Adaptation for effective use with Google Scholar, multi-page iteration functionality, data extraction and manipulation, and export controls were coded by Cory J. Combs.

Scraper Components

A user agent, which provides identifying information to the server
A function to fetch results
A function to parse results
An function to execute fetching and parsing with error handlers
The main search script, which:

executes the search with the input parameters,
outputs the results in a pandas data frame,
extracts metadata elements not consistently identifiable through Google Scholar's html or xml alone,
cleans and formats the data, and
exports the fully formatted dataframe into Excel.

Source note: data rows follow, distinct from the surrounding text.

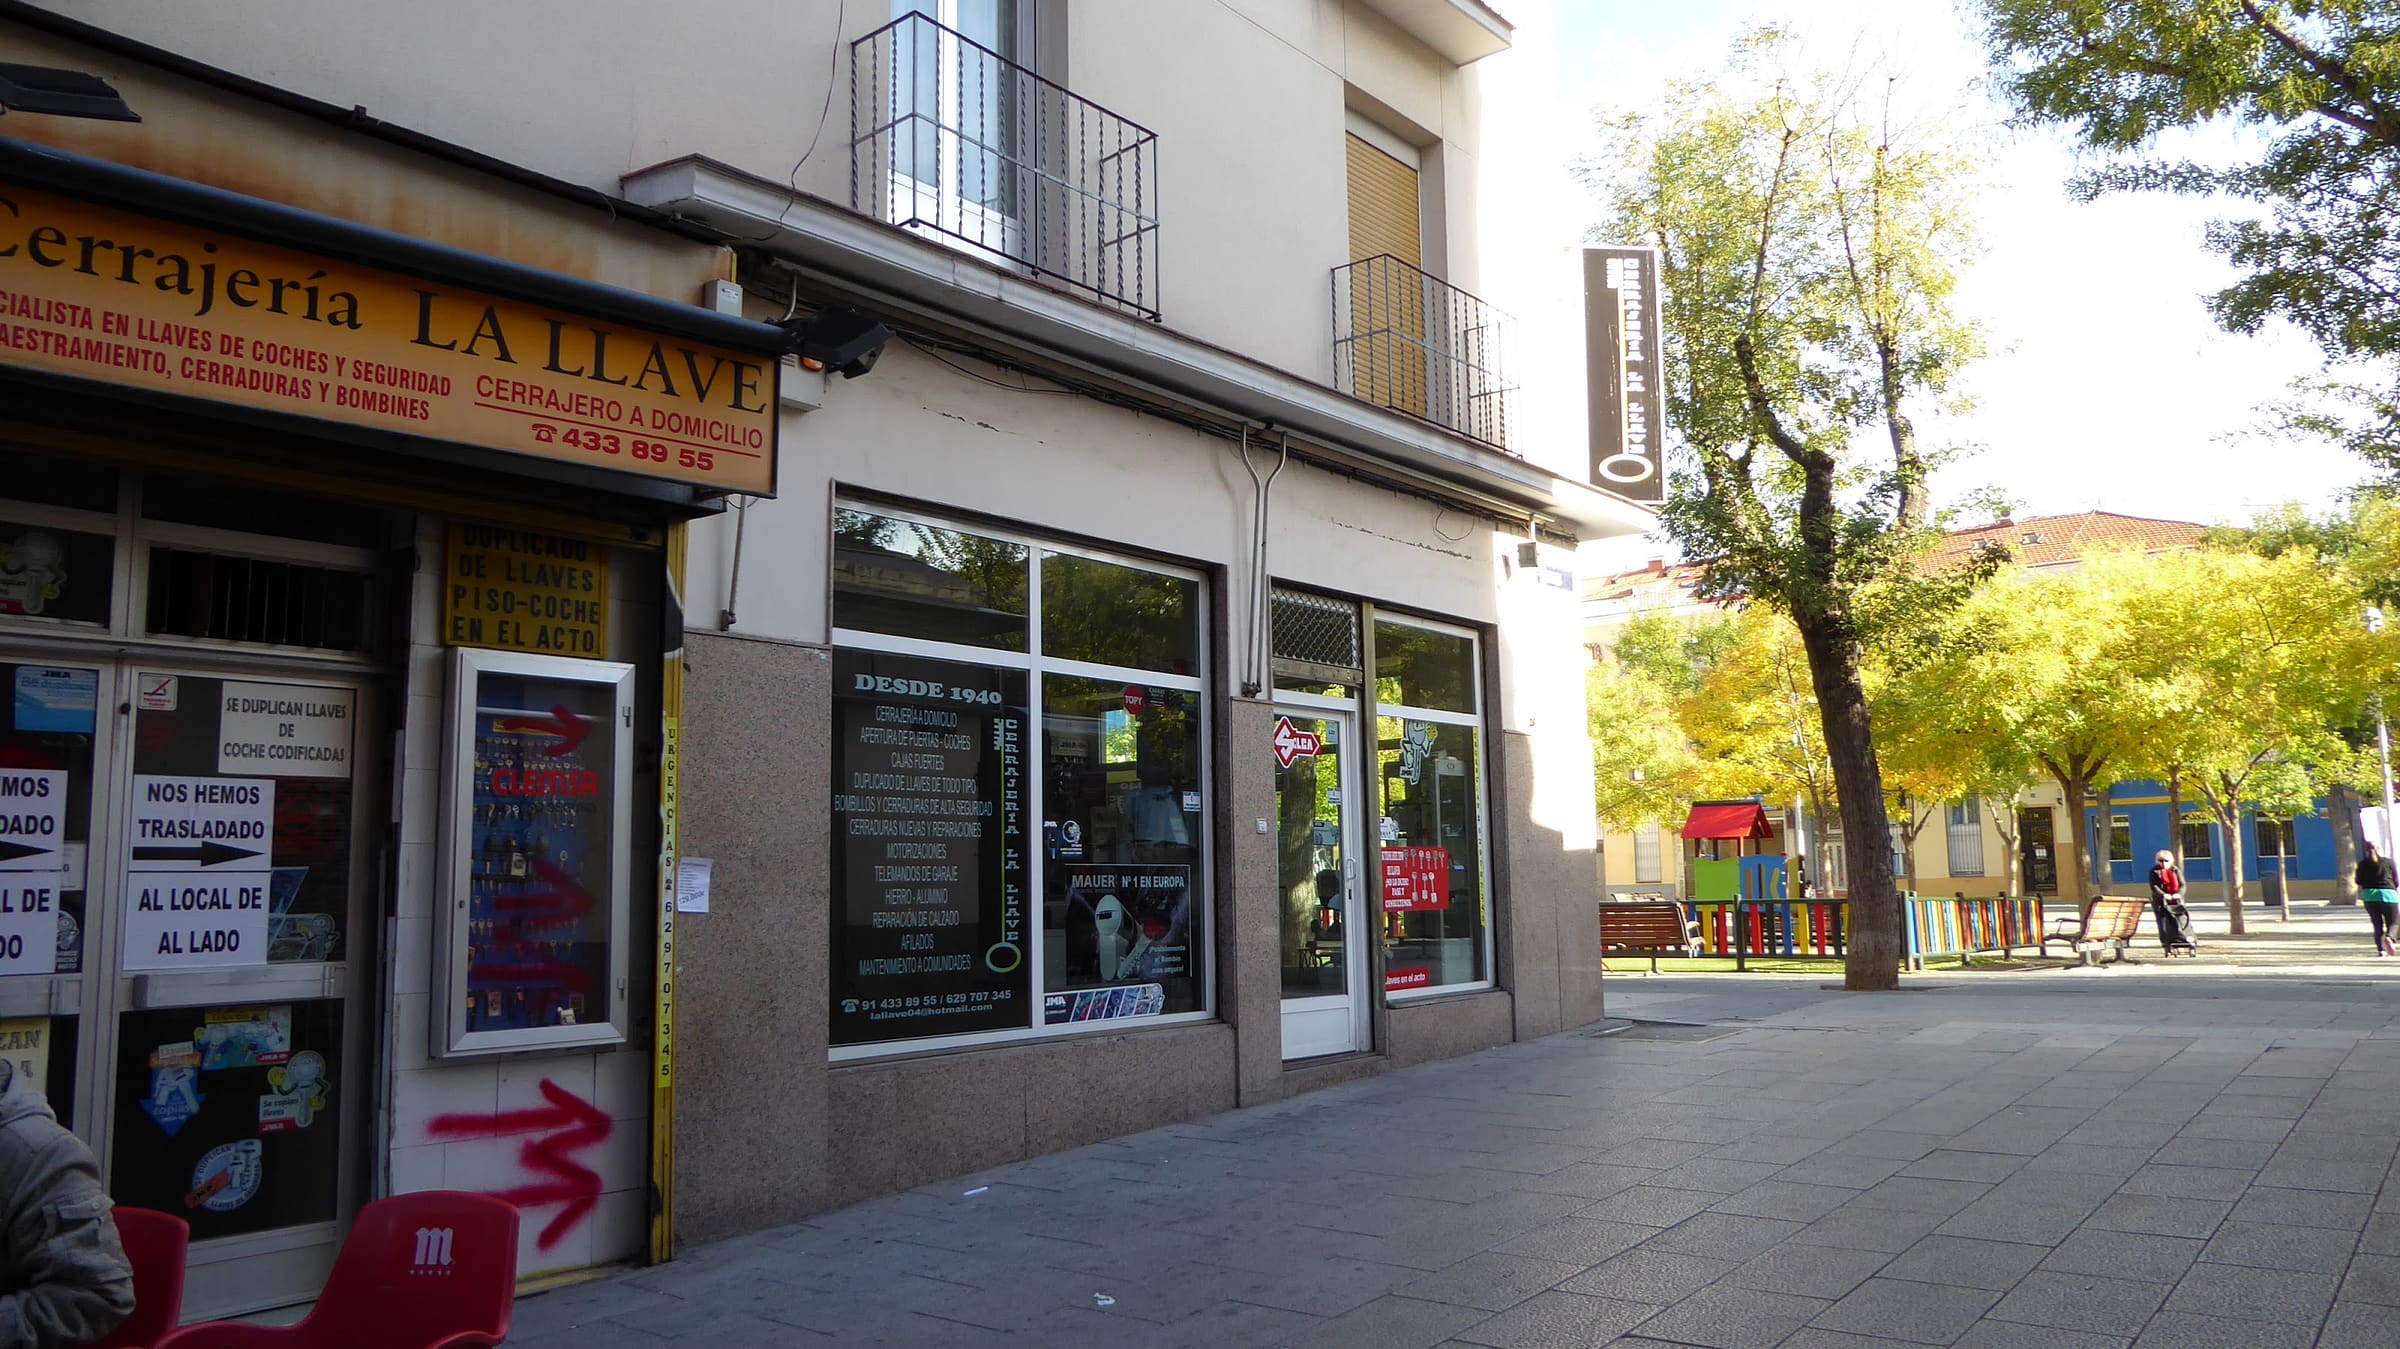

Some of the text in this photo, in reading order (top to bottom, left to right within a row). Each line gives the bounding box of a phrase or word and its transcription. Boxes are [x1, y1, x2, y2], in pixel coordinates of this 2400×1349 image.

[103, 311, 129, 337] EN
[138, 318, 212, 351] LLAVES
[220, 334, 244, 359] DE
[252, 340, 328, 374] COCHES
[336, 356, 346, 377] Y
[352, 360, 451, 396] SEGURIDAD
[411, 289, 517, 364] LA
[543, 319, 767, 414] LLAVE
[181, 356, 312, 400] CERRADURAS
[319, 381, 329, 402] Y
[337, 385, 430, 420] BOMBINES
[477, 375, 763, 449] CERRAJERO A DOMICILIO
[562, 428, 714, 471] 433 89 55
[459, 554, 593, 591] DE LLAVES
[454, 584, 601, 624] PISO-COCHE
[453, 616, 594, 652] EN EL ACTO
[854, 673, 1002, 704] DESDE 1940
[226, 697, 346, 719] SE DUPLICAN LLAVES
[1125, 695, 1143, 705] TOPY
[875, 705, 918, 726] CERRAJERÍA
[924, 710, 958, 728] DOMICILIO
[279, 723, 295, 738] DE
[860, 727, 897, 745] APERTURA
[898, 730, 908, 746] DE
[909, 730, 939, 748] PUERTAS
[944, 734, 971, 750] COCHES
[224, 743, 344, 762] COCHE CODIFICADAS
[891, 752, 944, 771] CAJAS FUERTES
[148, 783, 260, 805] NOS HEMOS
[492, 769, 599, 798] CLEMSA
[854, 772, 895, 791] DUPLICADO
[905, 775, 931, 792] LLAVES
[932, 777, 942, 792] DE
[942, 777, 961, 793] TODO
[961, 779, 977, 794] TIPO
[665, 729, 675, 866] URGENCIAS
[834, 794, 876, 812] BOMBILLOS
[883, 797, 929, 814] CERRADURAS
[930, 799, 940, 814] DE
[940, 800, 956, 815] ALTA
[956, 800, 992, 816] SEGURIDAD
[138, 819, 264, 839] TRASLADADO
[850, 818, 897, 836] CERRADURAS
[899, 819, 926, 836] NUEVAS
[932, 821, 982, 838] REPARACIONES
[1004, 718, 1020, 941] CERRAJERÍA LA LLAVE
[887, 843, 947, 859] MOTORIZACIONES
[873, 865, 958, 882] TELEMANDOS DE GARAJE
[1071, 874, 1115, 888] MAUER
[1140, 875, 1151, 888] EN
[1153, 875, 1185, 888] EUROPA
[22, 888, 50, 912] DE
[138, 888, 262, 911] AL LOCAL DE
[885, 888, 912, 904] HIERRO
[872, 908, 959, 928] REPARACIÓN DE CALZADO
[158, 930, 240, 954] AL LADO
[901, 933, 935, 950] AFILADOS
[859, 956, 916, 976] MANTENIMIENTO
[923, 954, 972, 973] COMUNIDADES
[861, 1000, 876, 1011] 91
[880, 998, 902, 1009] 433
[905, 996, 920, 1007] 89
[923, 995, 938, 1006] 55
[947, 992, 966, 1004] 629
[969, 991, 989, 1002] 707
[991, 990, 1012, 1001] 345

The results may be explored in the output Excel file or in Python using pandas. The final formatted pandas data frame is called "data_df_clean" by default.

Ethical Scraping

Without appropriate constraints, web scraping can cause undue stress on a server. As such, special care was taken in implementing this scraper to ensure ethical use of server requests, first by scripting pauses between both page iterations and individual result collections, and second by separating execution of each search across the day, over multiple days, and avoiding peak usage times. When developing the script, a sample test was manually confirmed to yield a small number of results prior to execution to avoid unnecessary server burden.